→ **Work request**: Only the pictures are to be left out; please reproduce everything else in the data exactly.

→ **Records**:

^^^^^^^^

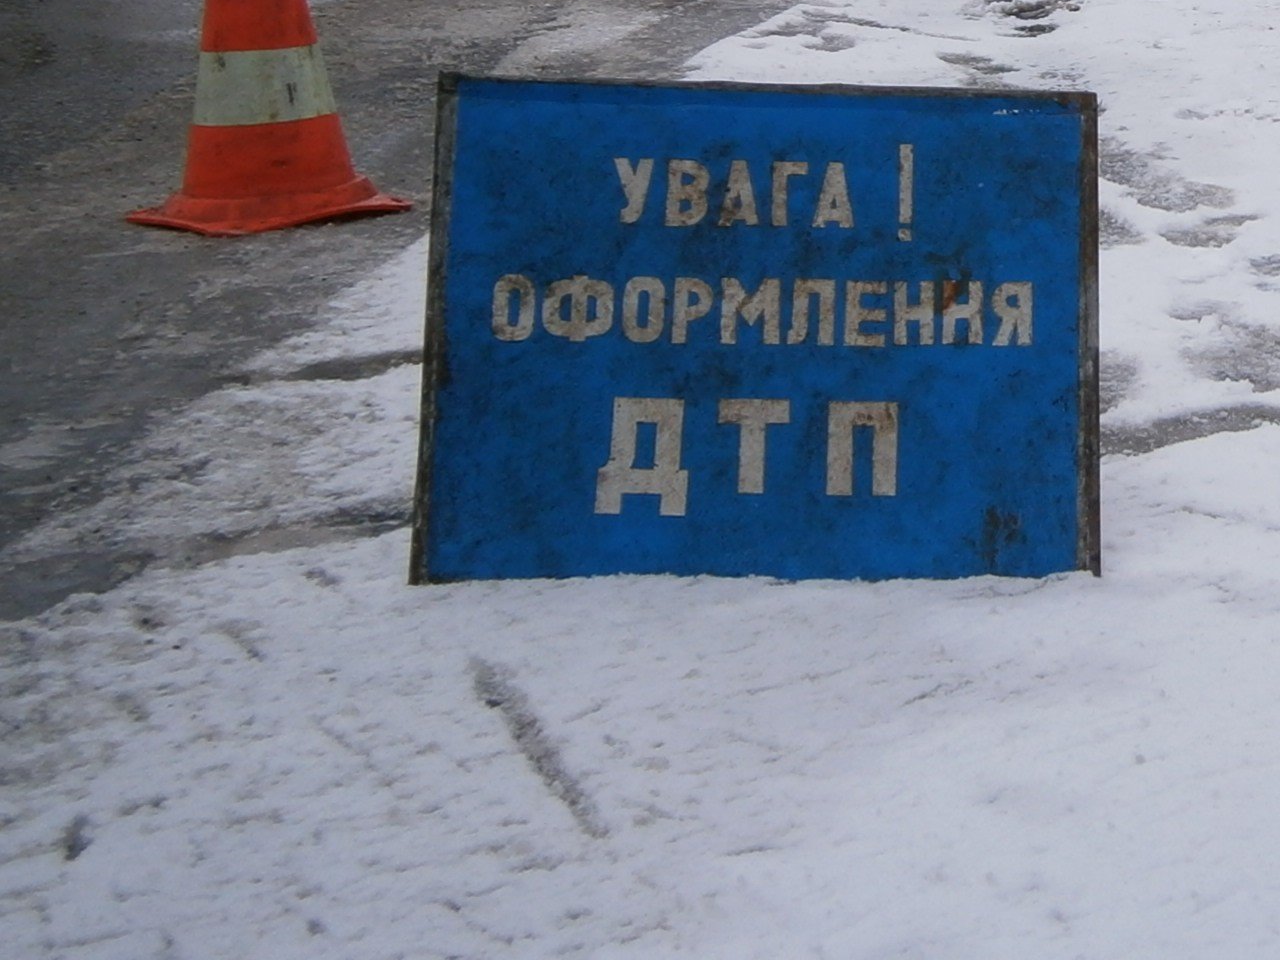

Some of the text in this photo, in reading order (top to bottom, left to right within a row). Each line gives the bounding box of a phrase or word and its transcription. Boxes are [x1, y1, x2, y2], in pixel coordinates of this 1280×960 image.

[614, 157, 853, 228] УВАГА
[491, 274, 1033, 346] ОФОРМЛЕННЯ
[594, 397, 899, 516] ДТП
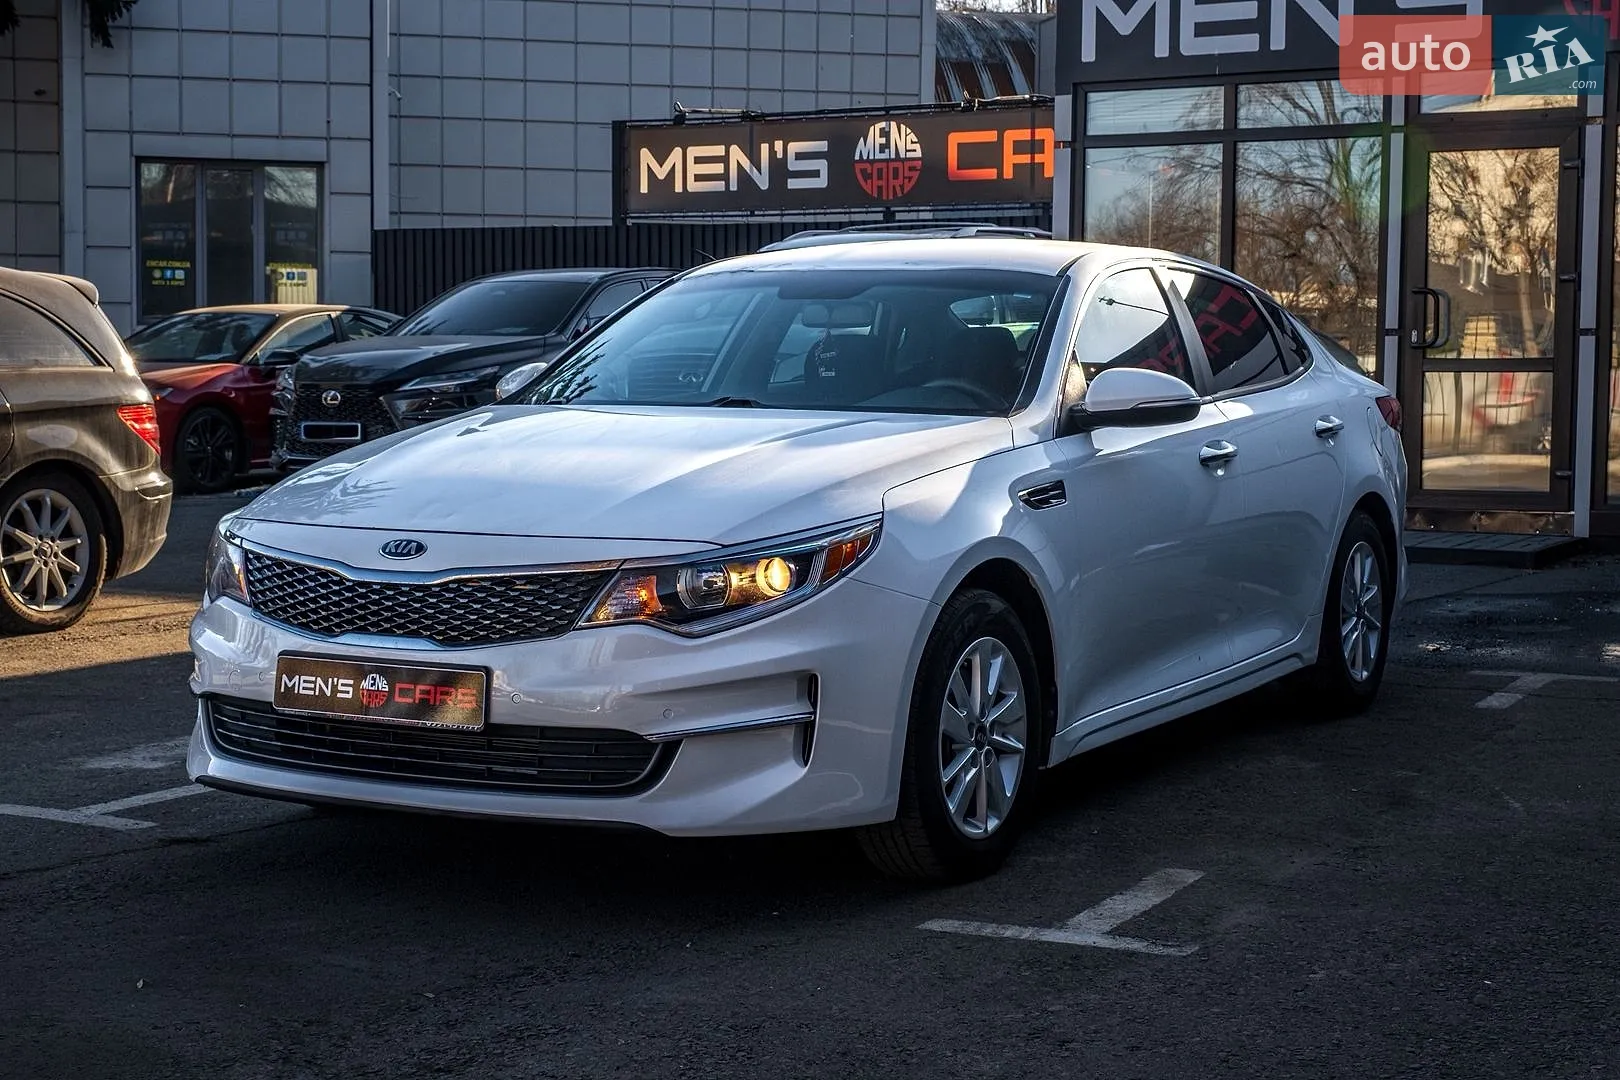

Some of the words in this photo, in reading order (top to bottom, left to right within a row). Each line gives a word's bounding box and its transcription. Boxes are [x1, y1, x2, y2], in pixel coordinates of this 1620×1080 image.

[854, 120, 922, 160] MEN'S
[639, 140, 828, 194] MEN'S
[854, 160, 922, 200] CARS
[385, 541, 418, 555] KIA
[280, 673, 354, 699] MEN'S
[394, 682, 477, 710] CARS
[360, 673, 389, 691] MEN'S
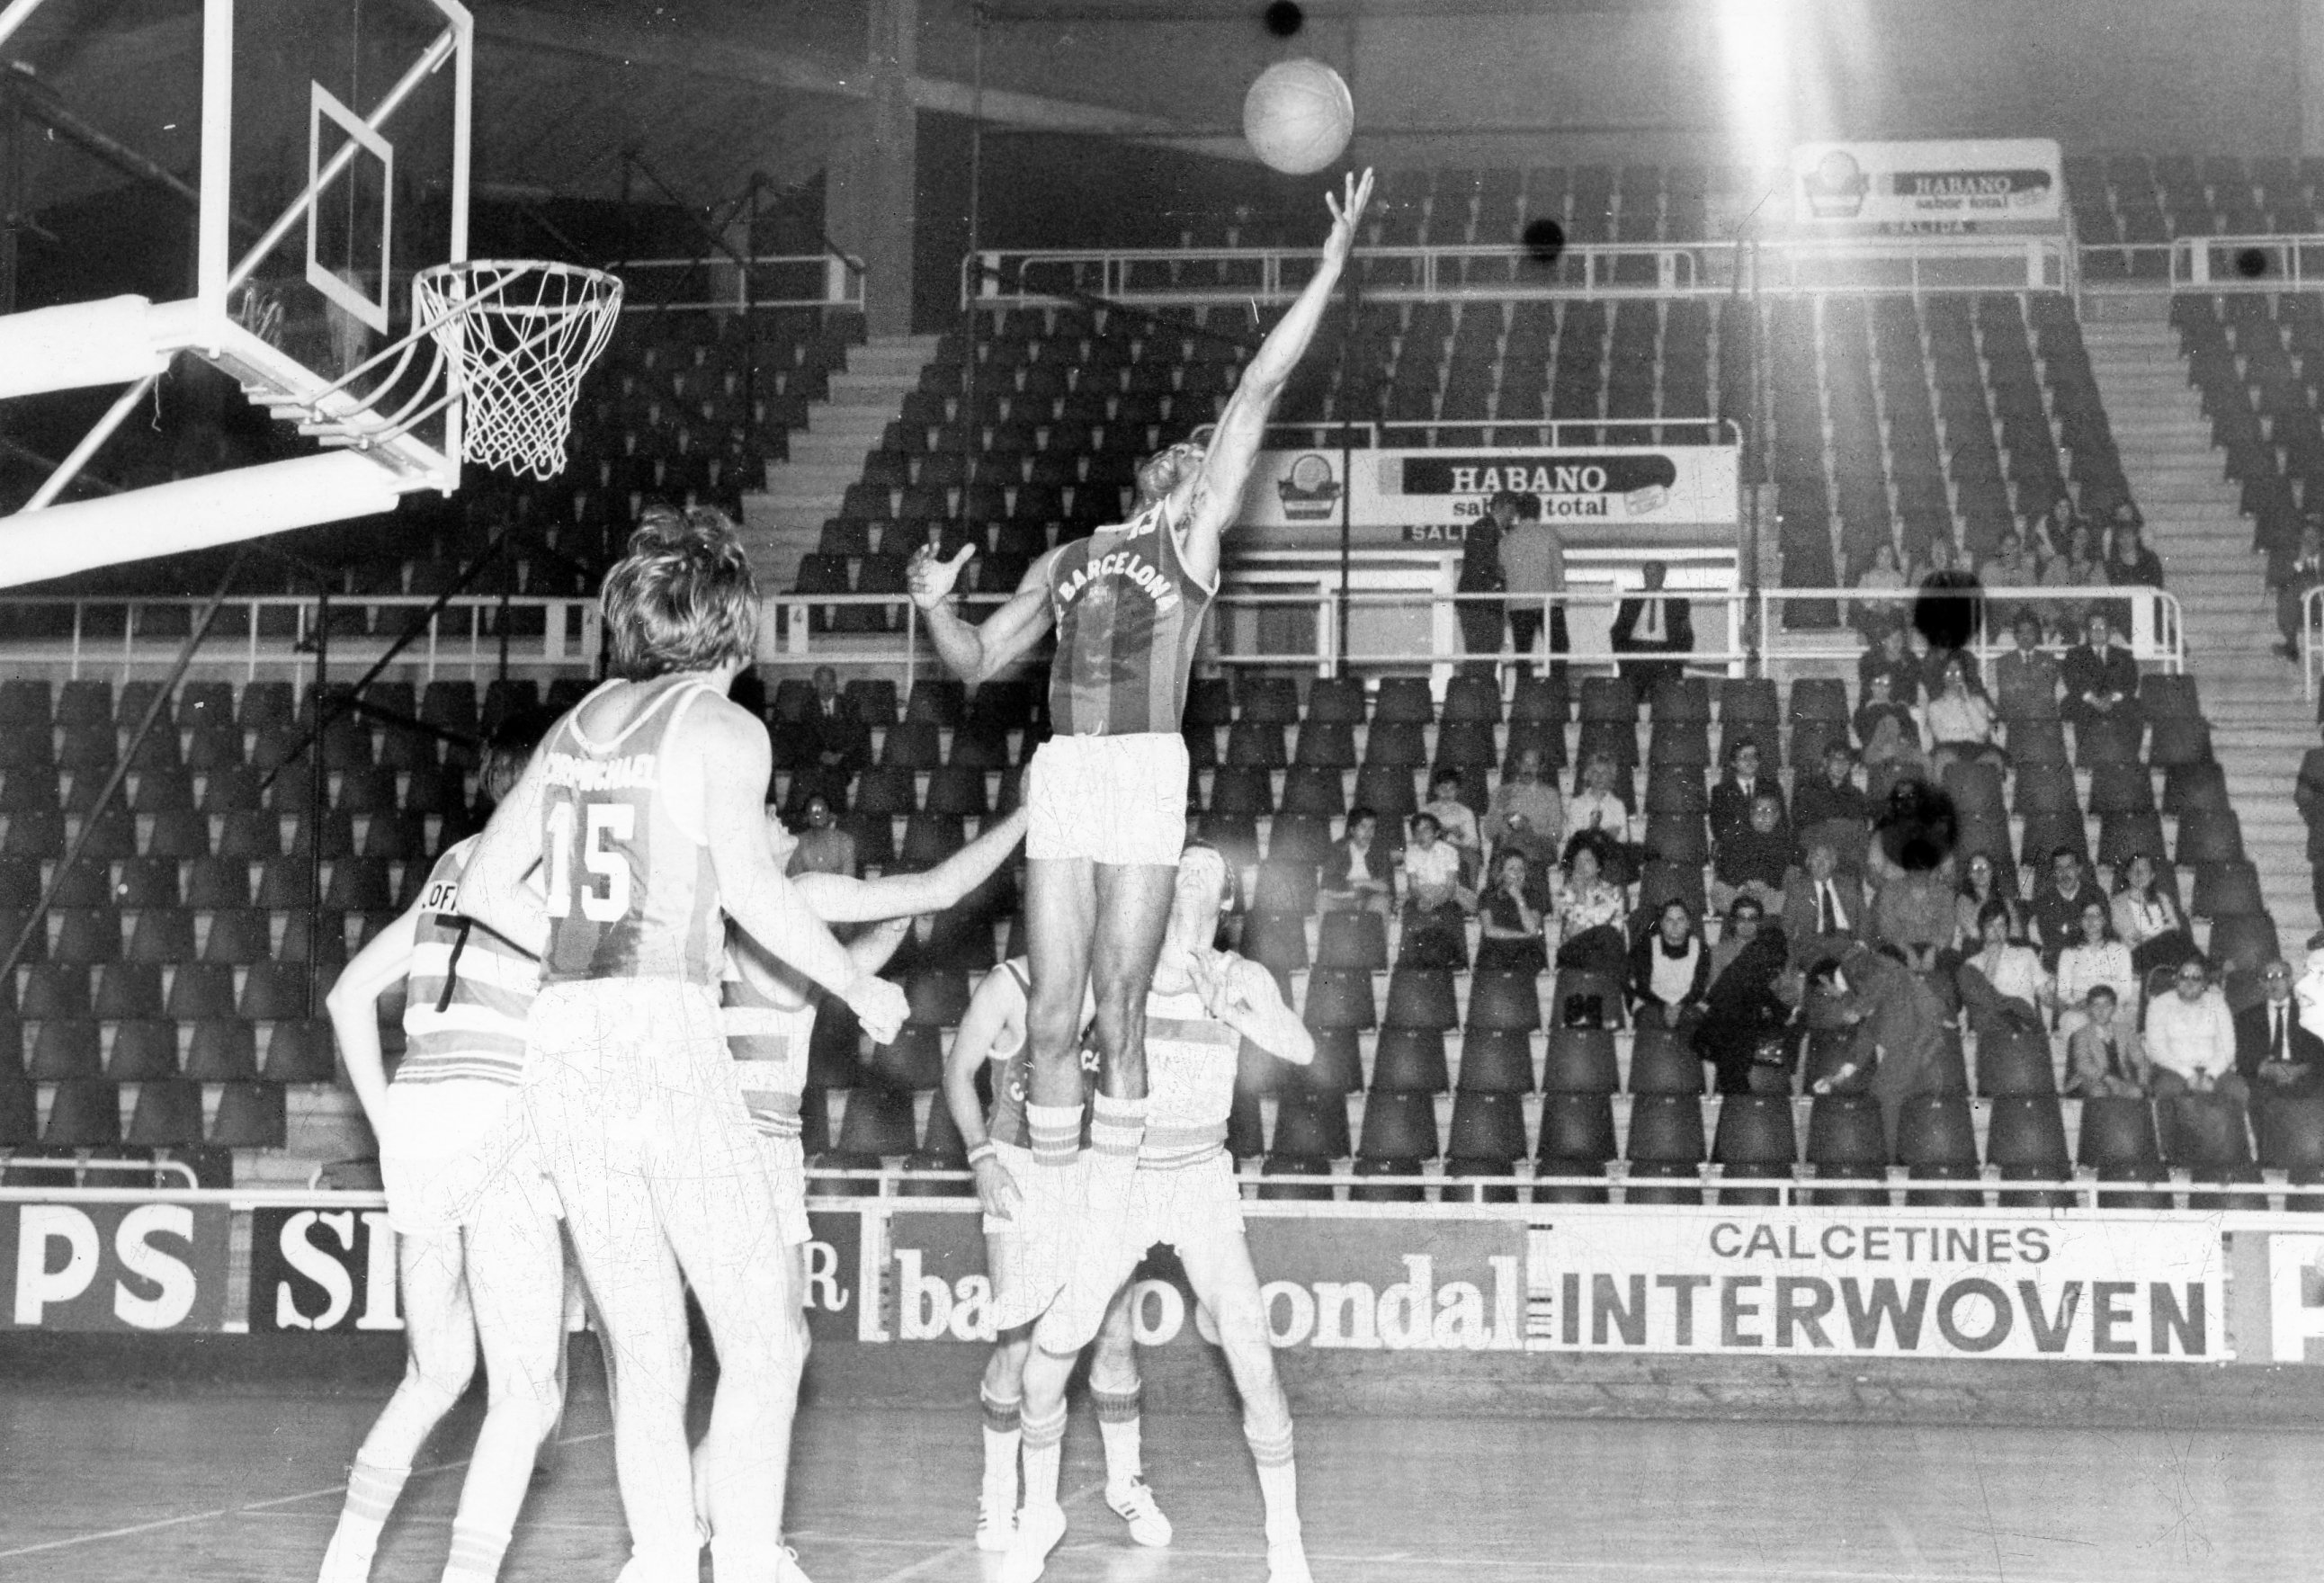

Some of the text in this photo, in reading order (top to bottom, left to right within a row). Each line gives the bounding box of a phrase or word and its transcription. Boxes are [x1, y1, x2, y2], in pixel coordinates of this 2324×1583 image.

[1916, 176, 2011, 194] HABANO
[1451, 466, 1608, 493] HABANO
[1546, 496, 1608, 516] total
[1411, 525, 1468, 540] SALI
[1059, 551, 1180, 612] BARCELONA
[545, 801, 636, 923] 15
[14, 1204, 196, 1329] PS
[276, 1210, 405, 1330] SI
[1710, 1222, 2051, 1263] CALCETINES
[1195, 1254, 1525, 1350] ondal
[1562, 1272, 2207, 1355] INTERWOVEN

^^^^^^^^

→ **Exercise response**:
Some of the text in this photo, in reading order (top to bottom, left to right within a row). Each line gives the bounding box of a phrase or word and its transcription. Boxes are [x1, y1, x2, y2], in pixel coordinates of this 1280×960 image.

[614, 157, 853, 228] УВАГА
[491, 274, 1033, 346] ОФОРМЛЕННЯ
[594, 397, 899, 516] ДТП

Some of the words in this photo, in reading order (top to bottom, left to right within a row). Each line gives a word's bounding box and its transcription. Boxes are [x1, y1, x2, y2], in pixel coordinates of this 1620×1080 image.

[854, 120, 922, 160] MEN'S
[639, 140, 828, 194] MEN'S
[854, 160, 922, 200] CARS
[385, 541, 418, 555] KIA
[280, 673, 354, 699] MEN'S
[394, 682, 477, 710] CARS
[360, 673, 389, 691] MEN'S

Some of the text in this photo, in reading order (top to bottom, left to right within a row). Each line gives the bounding box of a phrase or word and its transcription. Boxes are [x1, y1, x2, y2], in pixel coordinates of this 2324×1583 image.

[1916, 176, 2011, 194] HABANO
[1451, 466, 1608, 493] HABANO
[1546, 496, 1608, 516] total
[1411, 525, 1468, 540] SALI
[1059, 551, 1180, 612] BARCELONA
[545, 801, 636, 923] 15
[14, 1204, 196, 1329] PS
[276, 1210, 405, 1330] SI
[1710, 1222, 2051, 1263] CALCETINES
[1195, 1254, 1525, 1350] ondal
[1562, 1272, 2207, 1355] INTERWOVEN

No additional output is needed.